Rights and Liberties

A new report finds people on the terrorist watch list can more easily buy guns than board planes. But the real problem lies deeper than that.

If the recent outbreak of right-wing gun violence wasn't alarming enough, this week brought news that people whose names appear on the U.S. government's terrorist watch list have somehow managed to purchase firearms at a frighteningly steady rate.

Just how steady? According to a new report by the Government Accountability Office, folks on the list bought guns 865 times -- in 963 attempts -- over a five-year period. And not just guns -- at least one person purchased more than 50 pounds of explosives.

Scary, right? But don't seek out a Dick Cheney-style bunker just yet. Although some media outlets were quick to announce that "terrorists" can now buy guns more easily than they can board planes, these alarming headlines should have carried a pretty bold disclaimer: If the bad news is that people on the terrorist watch list can buy guns as easily as any law-abiding hunting enthusiast, the good news is that the so-called terrorist watch list is a total sham.

The 'Terror Gap'?

But first, the guns.

It may come as a surprise to most Americans that having your name on the government's terrorist watch list is not enough to render you unqualified to own dangerous weapons. Yet, according to the GAO study: "Under current law, there is no basis to automatically prohibit a person from possessing firearms or explosives because they appear on the terrorist watch list.

"Rather, there must be a disqualifying factor (i.e., prohibiting information) pursuant to federal or state law, such as a felony conviction or illegal-immigration status."

Of the 10 percent of unsuccessful attempts to purchase guns documented by the GAO, these factors -- and not the person's place on the watch list -- were to blame.

The GAO study was carried out at the behest of Democratic Reps.

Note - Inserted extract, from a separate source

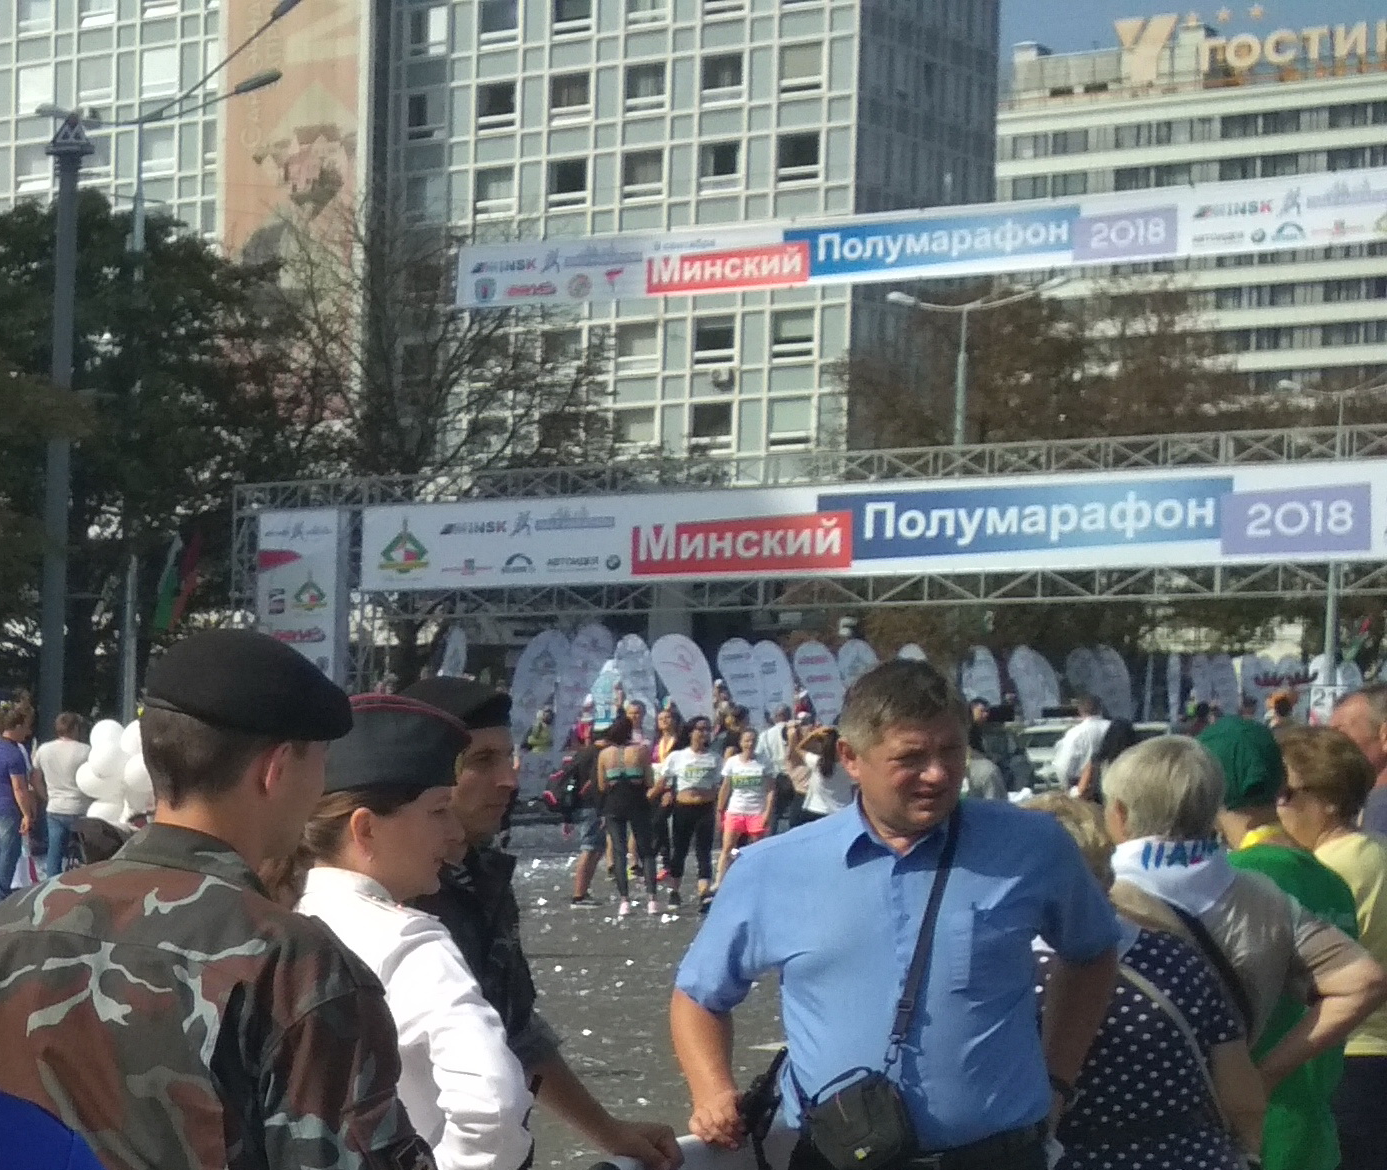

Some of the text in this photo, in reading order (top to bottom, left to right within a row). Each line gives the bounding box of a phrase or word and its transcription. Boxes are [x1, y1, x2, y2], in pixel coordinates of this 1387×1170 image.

John Conyers of Michigan, chairman of the House Judiciary Committee, and Robert C. Scott of Virginia, chairman of the Subcommittee on Crime, Terrorism and Homeland Security, as well as New Jersey Sen. Frank Lautenberg. The men had requested an update to a 2005 report, "Gun Control and Terrorism: FBI Could Better Manage Firearm-Related Background Checks Involving Terrorist Watch List Records," whose conclusions pretty much speak for themselves.

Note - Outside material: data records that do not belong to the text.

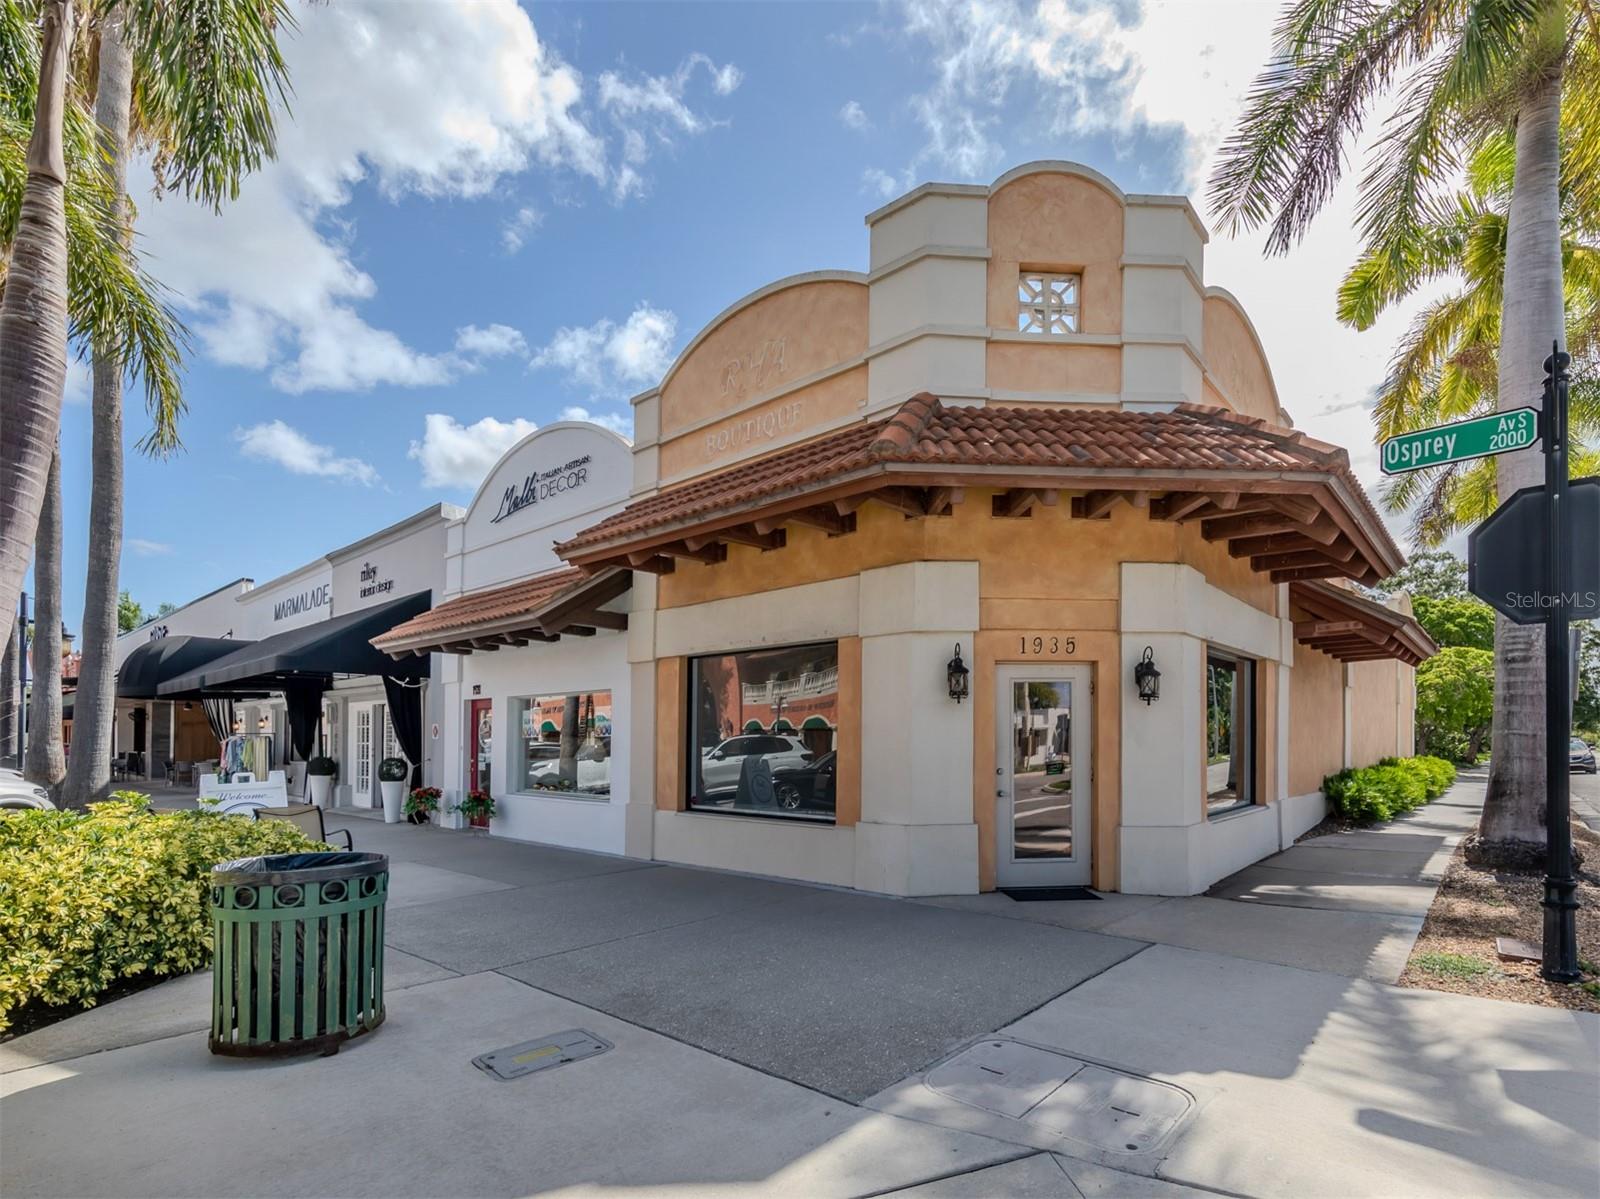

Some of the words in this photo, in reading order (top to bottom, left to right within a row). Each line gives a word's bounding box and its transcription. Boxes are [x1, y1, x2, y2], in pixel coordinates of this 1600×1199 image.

[705, 401, 804, 455] BOUTIQUE
[1498, 418, 1515, 432] Av
[1518, 412, 1527, 428] S
[1386, 433, 1457, 465] Osprey
[1489, 428, 1527, 449] 2000
[540, 467, 587, 500] DECOR
[273, 583, 330, 621] MARMALADE
[1020, 636, 1076, 655] 1935
[217, 792, 268, 801] Welcome

The disturbing findings of the new study were met with predictable political outrage.

"The special-interest gun lobby has so twisted our nation's laws that the rights of terrorists are placed above the safety of everyday Americans," Lautenberg declared in a written statement this week. "The current law simply defies common sense."

Lautenberg called the GAO report "proof positive that known and suspected terrorists are exploiting a major loophole in our law, threatening our families and our communities."

"This 'terror gap' has been open too long, and our national security demands that we shut it down," he said.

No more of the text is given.